Problem details = Gather all lines in the data that hold the string "DAVID".

(Data extracted from a collection)
___

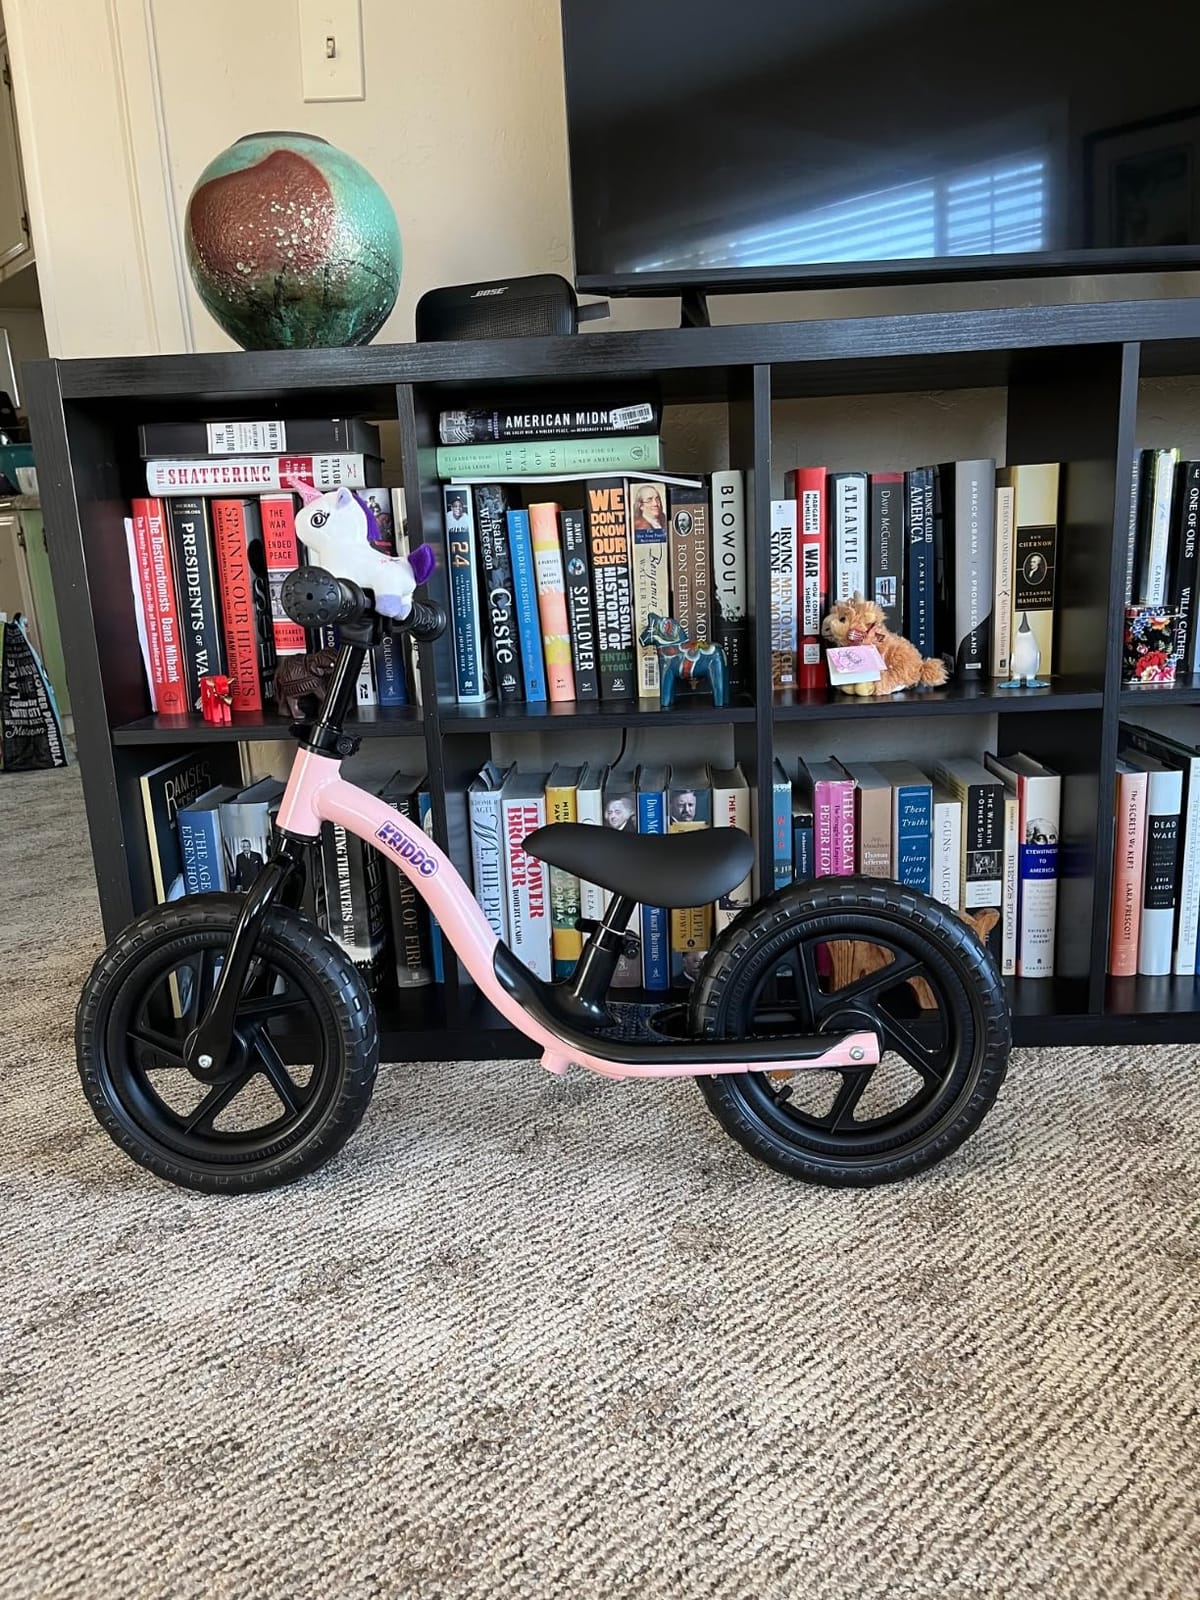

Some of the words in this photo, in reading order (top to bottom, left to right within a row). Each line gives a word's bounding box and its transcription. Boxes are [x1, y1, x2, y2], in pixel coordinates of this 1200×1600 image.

[470, 287, 509, 298] BOSE
[269, 423, 278, 438] BIRD
[504, 411, 571, 429] AMERICAN
[215, 431, 226, 445] THE
[226, 424, 236, 452] OUTLIER
[269, 438, 278, 451] KAI
[321, 457, 329, 485] KEVIN
[333, 457, 341, 485] BOYLE
[519, 448, 528, 472] FALL
[535, 453, 542, 466] OF
[156, 469, 165, 485] THE
[168, 466, 271, 486] SHATTERING
[270, 509, 284, 517] THE
[590, 487, 624, 512] WE
[881, 490, 891, 515] DAVID
[924, 491, 933, 516] DANCE
[970, 480, 978, 518] BARACK
[1189, 487, 1200, 512] ONE
[149, 515, 161, 537] The
[269, 519, 286, 529] WAR
[514, 516, 522, 541] RUTH
[590, 511, 625, 525] DON'T
[693, 506, 705, 536] THE
[844, 484, 857, 564] ATLANTIC
[910, 485, 925, 545] AMERICA
[1126, 483, 1137, 550] DICTIONARY
[1187, 513, 1198, 528] OF
[224, 506, 243, 558] SPAIN
[479, 507, 494, 570] Wilkerson
[492, 518, 506, 559] Isabel
[565, 517, 575, 551] QUAMMEN
[574, 523, 583, 544] DAVID
[591, 524, 625, 538] KNOW
[720, 485, 737, 595] BLOWOUT
[925, 516, 934, 544] CALLED
[970, 521, 978, 554] OBAMA
[1184, 529, 1197, 559] OURS
[268, 540, 292, 550] ENDED
[269, 551, 292, 561] PEACE
[450, 541, 471, 568] 24
[516, 543, 526, 573] BADER
[592, 537, 626, 554] OUR
[677, 543, 687, 571] RON
[770, 531, 782, 573] STONE
[780, 527, 793, 573] IRVING
[1018, 540, 1054, 549] CHERNOW
[229, 563, 246, 584] IN
[593, 554, 627, 566] SELVES
[616, 566, 625, 575] A
[694, 540, 706, 585] HOUSE
[804, 549, 819, 578] WAR
[152, 537, 171, 615] Destructionists
[181, 521, 205, 632] PRESIDENTS
[195, 633, 204, 648] OF
[594, 567, 605, 610] MODERN
[639, 558, 648, 602] WALTER
[771, 576, 782, 597] MY
[841, 571, 849, 599] SIMON
[1153, 565, 1162, 602] CANDICE
[520, 575, 531, 625] GINSBURG
[603, 566, 620, 634] HISTORY
[695, 589, 706, 608] OF
[780, 576, 793, 605] MEN
[970, 579, 978, 627] PROMISED
[1179, 587, 1191, 620] WILLA
[232, 585, 249, 625] OUR
[617, 578, 632, 650] PERSONAL
[780, 607, 793, 625] TO
[161, 617, 174, 643] Dana
[489, 587, 515, 665] Caste
[574, 585, 594, 671] SPILLOVER
[597, 611, 609, 651] IRELAND
[696, 612, 708, 643] MOR
[805, 616, 811, 626] US
[227, 629, 238, 650] ADAM
[465, 623, 473, 652] WILLIE
[608, 636, 621, 651] OF
[781, 628, 793, 673] MATCH
[1175, 620, 1188, 663] CATHER
[163, 645, 181, 684] Milbank
[236, 629, 256, 698] HEARTS
[468, 653, 476, 676] MAYS
[7, 658, 20, 700] LAKE
[32, 674, 48, 710] LOWER
[42, 711, 63, 767] PENINSULA
[646, 798, 657, 815] DAVID
[728, 795, 737, 814] THE
[904, 805, 926, 815] These
[977, 798, 985, 825] OTHER
[987, 792, 995, 809] THE
[820, 804, 831, 846] PETER
[902, 818, 928, 828] Truths
[985, 811, 994, 846] WARMTH
[1127, 801, 1138, 838] SECRETS
[1153, 821, 1177, 830] DEAD
[194, 828, 208, 860] THE
[507, 807, 527, 888] BROKER
[842, 822, 855, 872] GREAT
[942, 820, 952, 853] GUNS
[976, 826, 985, 849] SUNS
[1128, 838, 1136, 850] We
[1152, 831, 1177, 841] WAKE
[181, 825, 200, 895] EISENHOW
[376, 824, 437, 877] KRIDDO
[863, 850, 888, 859] Thomas
[863, 858, 889, 867] Jefferson
[902, 855, 927, 864] History
[1126, 850, 1135, 870] KEPT
[199, 863, 211, 890] AGE
[338, 854, 350, 879] THE
[481, 859, 499, 892] THE
[906, 867, 913, 876] of
[914, 866, 924, 874] the
[903, 877, 926, 886] United
[1125, 882, 1133, 903] LARA
[1150, 884, 1173, 892] LARSON
[341, 878, 354, 921] WATERS
[512, 888, 521, 918] ROBERT
[402, 907, 417, 930] OF
[1006, 903, 1014, 940] FLOOD
[1122, 905, 1133, 942] PRESCOTT
[514, 924, 523, 945] CARO
[649, 933, 660, 962] BROTHERS
[404, 935, 421, 972] FIRE

___

Completed exercise =
[881, 490, 891, 515] DAVID
[574, 523, 583, 544] DAVID
[646, 798, 657, 815] DAVID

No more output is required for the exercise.